Laut Gundula Schubert, der Koordinatorin des Bündnisses, ist das eine Minderheitenmeinung. Ihr entgegen stehen Ideen für einen Erinnerungsort oder ein Stipendium für ausländische Studenten. »Die Ansichten gehen weit auseinander«, sagt Schubert. Das Bündnis will den Streit nun mit dem Forum weitertreiben. »Wir wollen«, sagt Rainer Eichhorn, Ex-Rathauschef und Beiratsmitglied im Bündnis, »die Breite der Meinungen regelrecht provozieren.«

Bisher sind auch prominente Zwickauer über die angemessene Form der Erinnerung uneins. DGB-Regionalchefin Sabine Zimmermann, die für die LINKE im Bundestag sitzt, hält ein Mahnmal für notwendig: »Man redet ja in der Stadt schon jetzt nicht mehr gern darüber.« Opernintendant Stefan Bausch will zwar ebenfalls der für ihn unverständlichen Haltung entgegentreten, wonach die NSU-Terroristen »doch nur hier gewohnt« hätten. Wie Zimmermann weist er darauf hin, dass in der Region Rechtsextreme aktiv seien.
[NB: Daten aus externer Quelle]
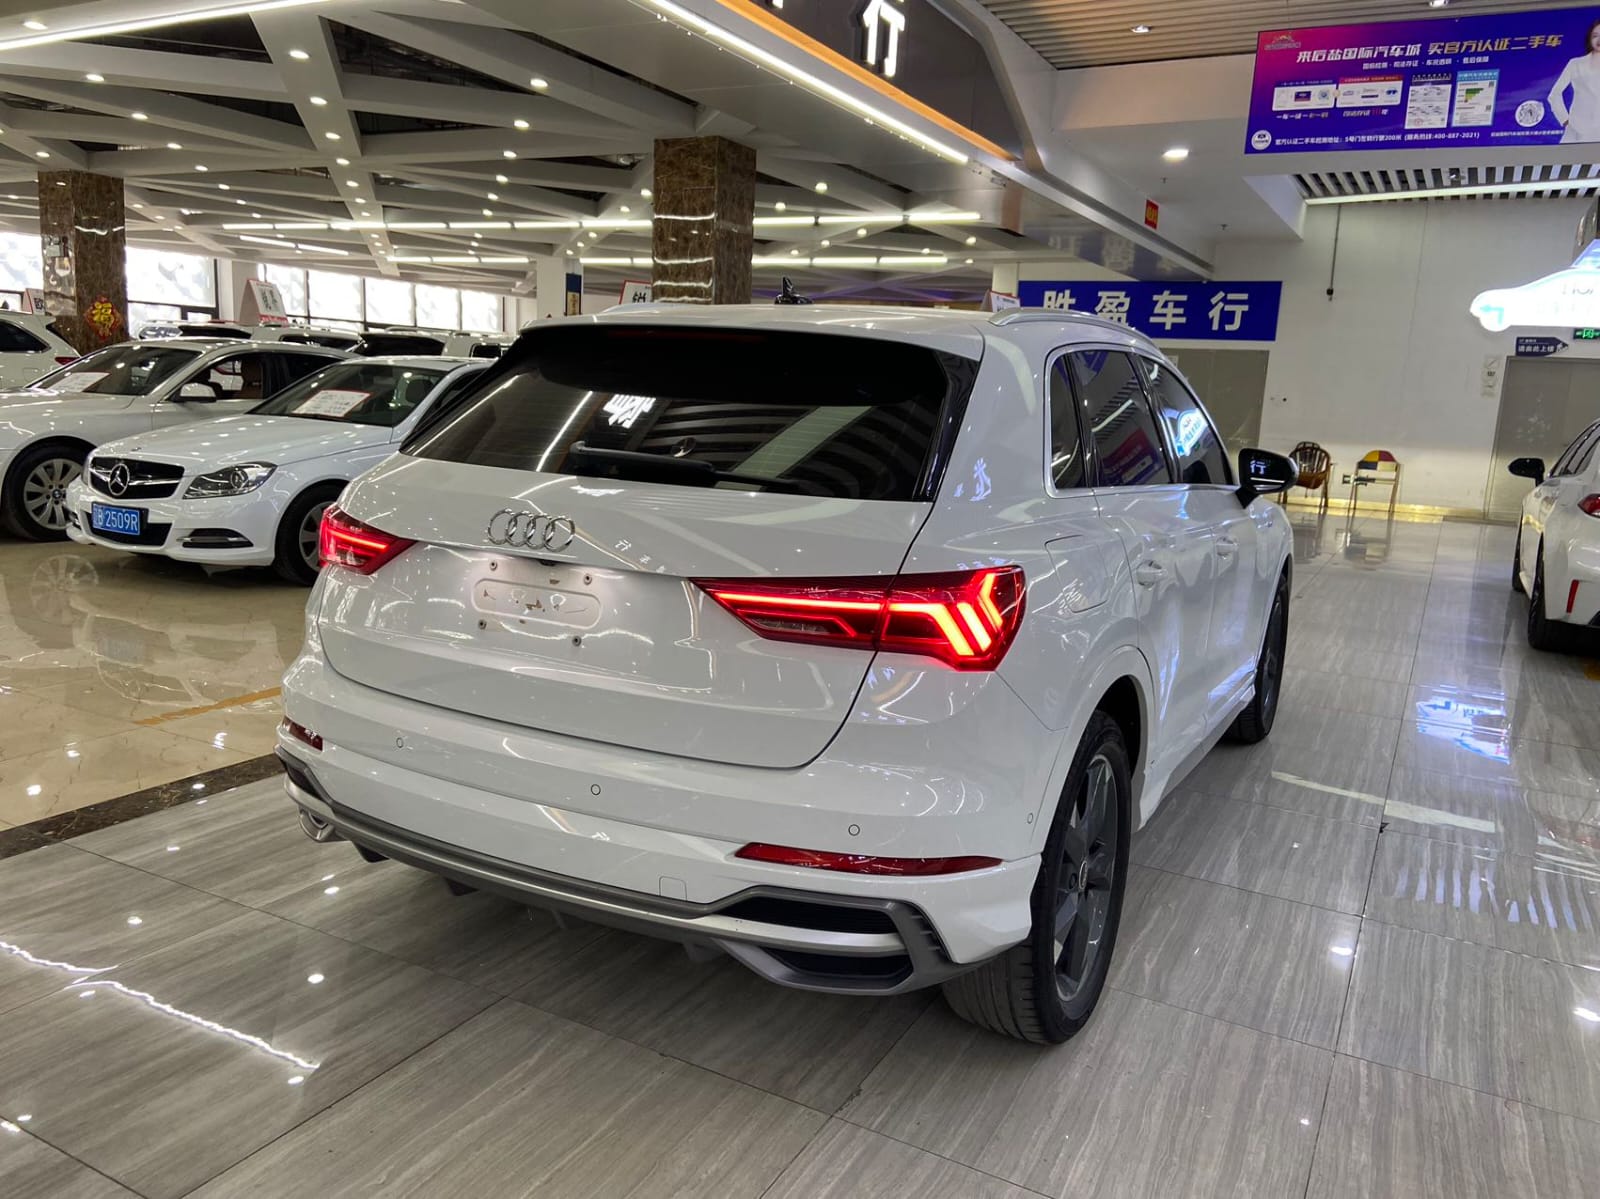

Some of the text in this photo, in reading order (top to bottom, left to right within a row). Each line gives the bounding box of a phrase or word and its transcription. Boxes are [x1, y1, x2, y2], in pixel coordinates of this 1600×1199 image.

[1427, 34, 1564, 56] 买官方认证二手车
[1042, 289, 1250, 331] 胜盈车行
Er möchte aber ein Gedenken, das »nicht mit Düsternis behaftet« sei, sondern »in eine lebendige Zukunft« weist. Denkbar sei eine Forschungseinrichtung über Fremdenhass. Ex-OB Eichhorn will sich nicht auf eine Form des Gedenkens festlegen: »Ich maße mir nicht an zu sagen, wie es sein sollte.«

Auf dem Forum, so hofft man beim Bündnis, könnten sich Ideen herauskristallisieren, die von vielen Bürgern akzeptiert werden. Möglich sei, sagt Schubert, dass Vorschläge an den Stadtrat unterbreitet werden. Inspirieren lassen können sich die Zwickauer schon zuvor bei etlichen Veranstaltungen der »Novembertage«, die traditionell vor allem dem Gedenken an die Reichspogromnacht am 9. November gewidmet sind, in diesem Jahr aber mit dem Thema NSU einen zusätzlichen Schwerpunkt erhalten.